EXERCISE> Omit the pictures and copy the entries exactly.

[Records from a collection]
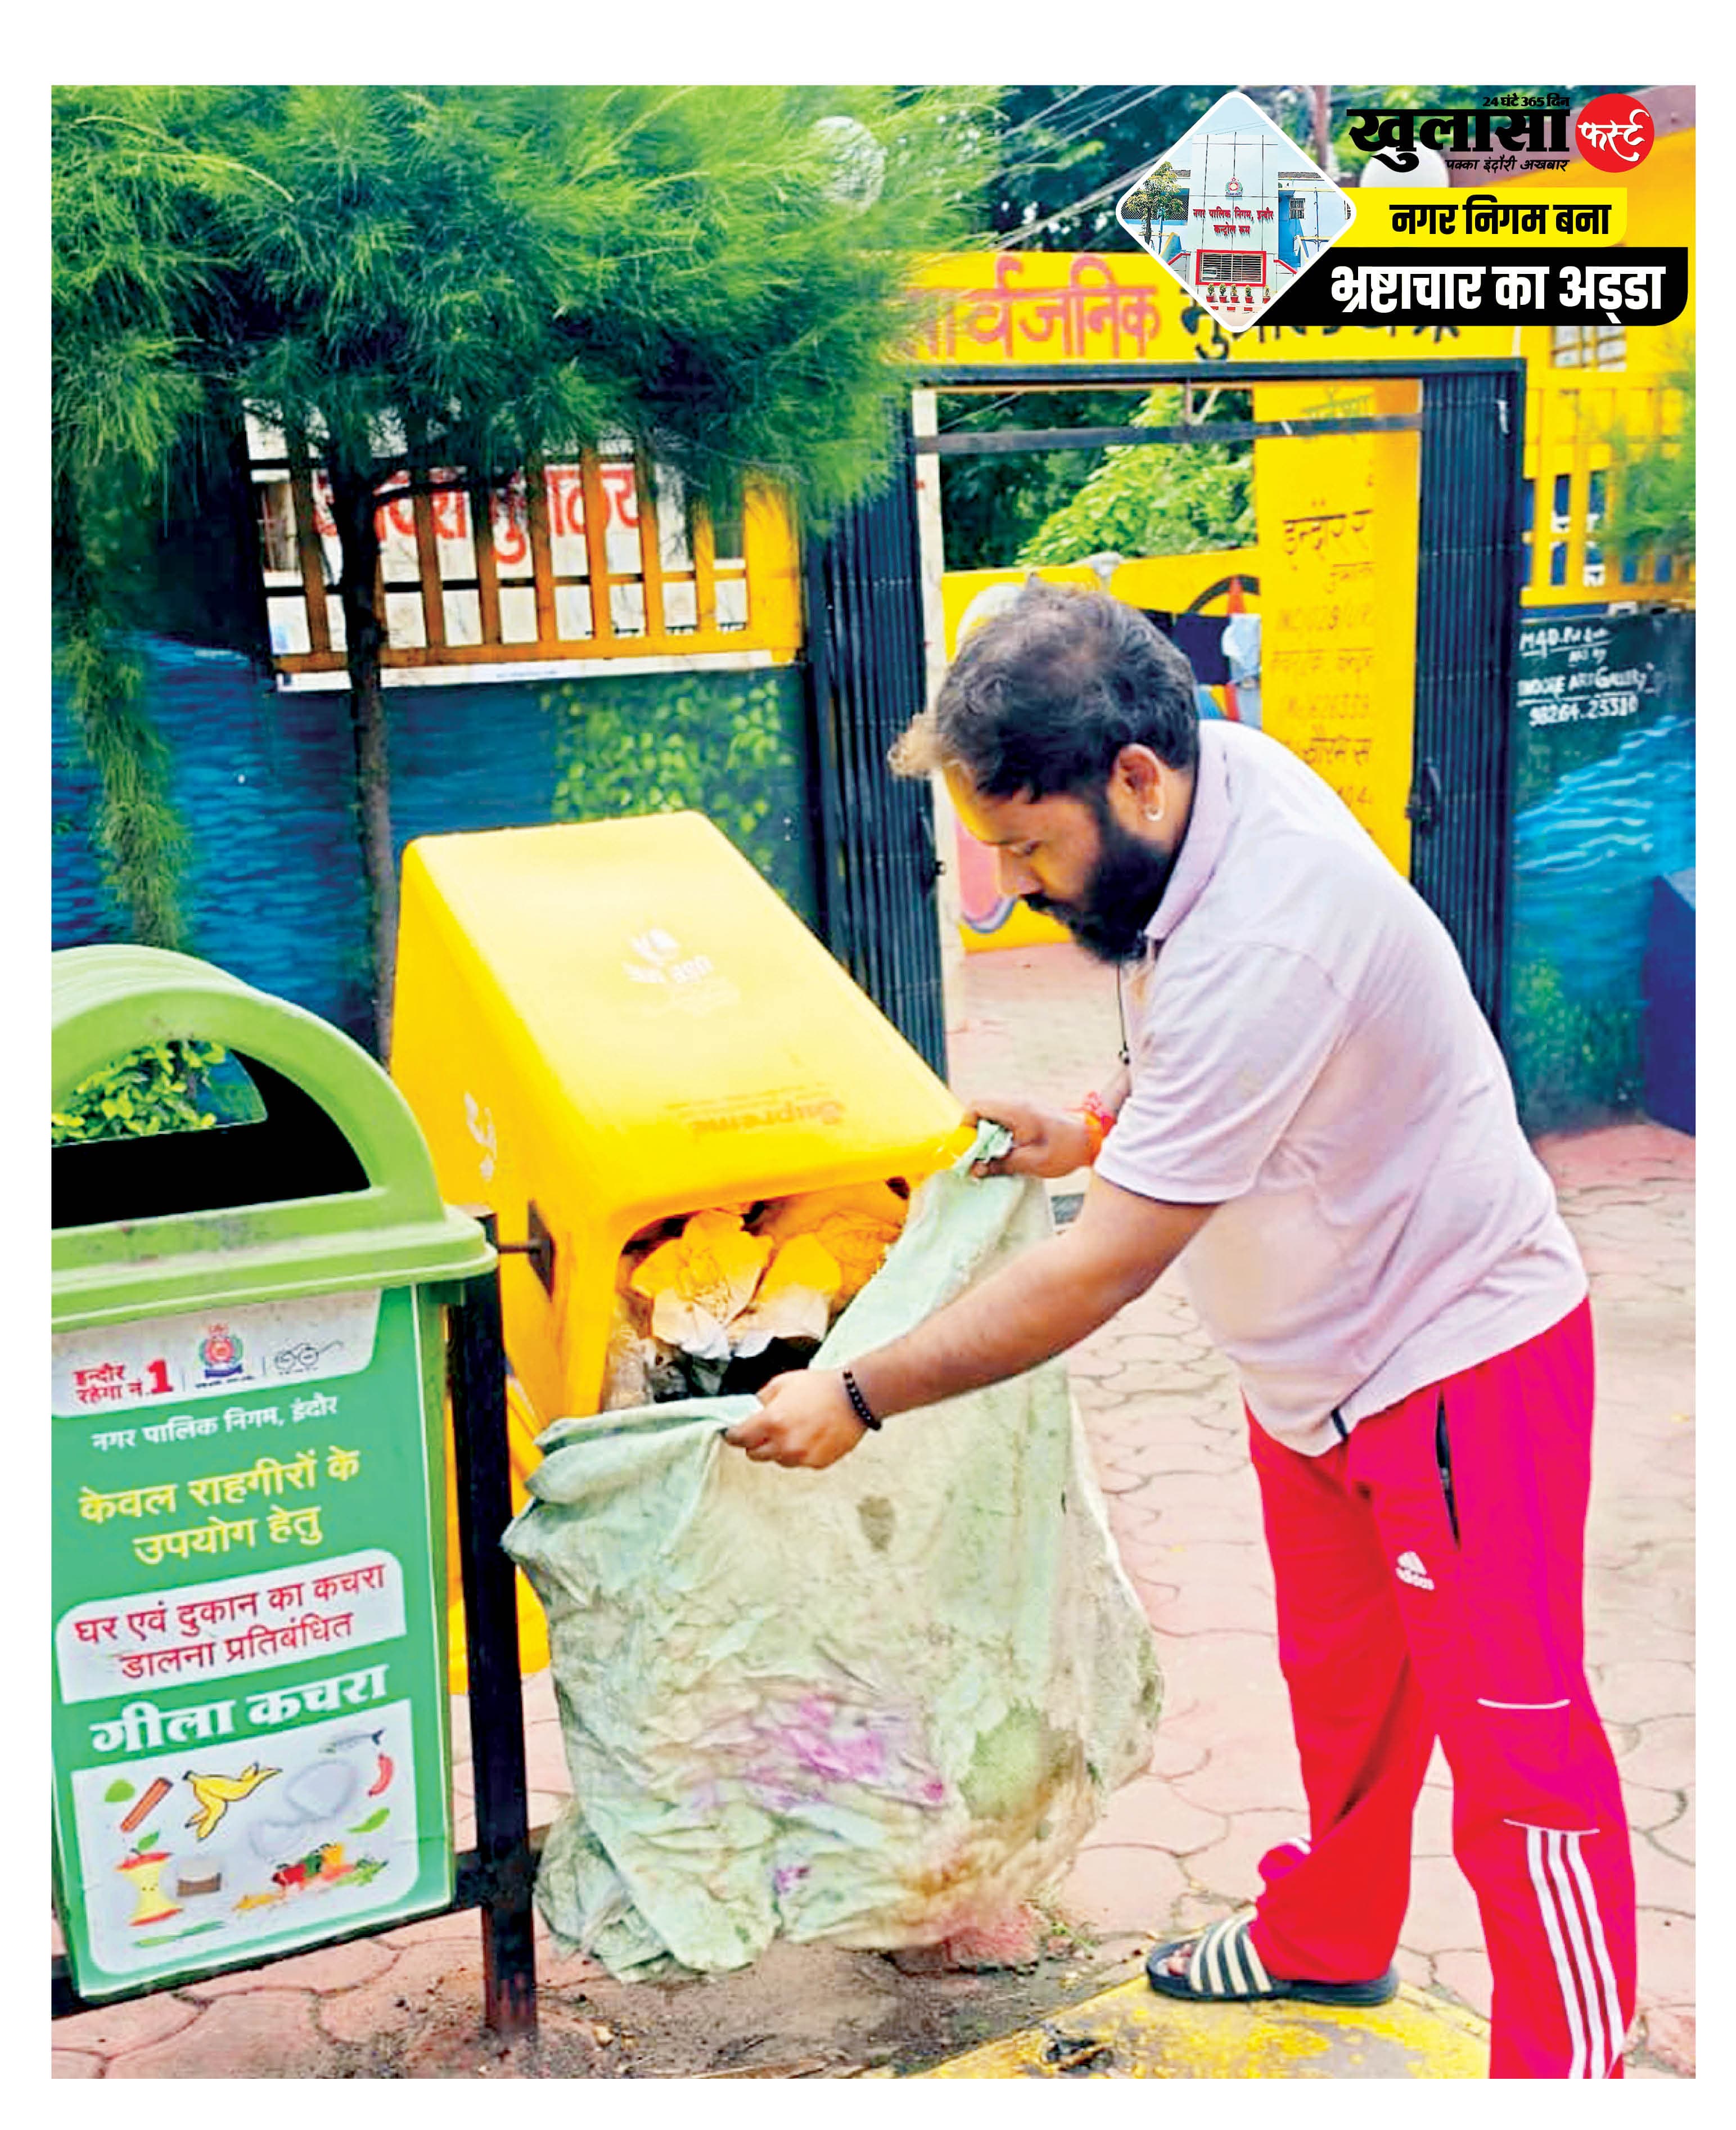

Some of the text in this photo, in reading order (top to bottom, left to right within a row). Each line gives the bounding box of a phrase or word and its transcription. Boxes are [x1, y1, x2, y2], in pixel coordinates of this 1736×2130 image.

[1193, 209, 1206, 218] नगर
[1209, 206, 1231, 218] पालिक
[73, 1362, 126, 1387] इन्दौर
[76, 1382, 123, 1404] रहेगा
[91, 1392, 339, 1452] नगर पालिक निगम, इंदौर
[78, 1445, 361, 1524] केवल राहगीरों के
[132, 1504, 323, 1565] उपयोग हेतु
[74, 1564, 386, 1644] घर एवं दुकान का कचरा
[119, 1612, 353, 1679] डालना प्रतिबंधित
[89, 1664, 390, 1753] गीला कचरा

OUTPUT FOR THIS TASK>
Some of the text in this photo, in reading order (top to bottom, left to right within a row). Each line gives the bounding box of a phrase or word and its transcription. Boxes are [x1, y1, x2, y2], in pixel coordinates of this 1736×2130 image.

[1193, 209, 1206, 218] नगर
[1209, 206, 1231, 218] पालिक
[73, 1362, 126, 1387] इन्दौर
[76, 1382, 123, 1404] रहेगा
[91, 1392, 339, 1452] नगर पालिक निगम, इंदौर
[78, 1445, 361, 1524] केवल राहगीरों के
[132, 1504, 323, 1565] उपयोग हेतु
[74, 1564, 386, 1644] घर एवं दुकान का कचरा
[119, 1612, 353, 1679] डालना प्रतिबंधित
[89, 1664, 390, 1753] गीला कचरा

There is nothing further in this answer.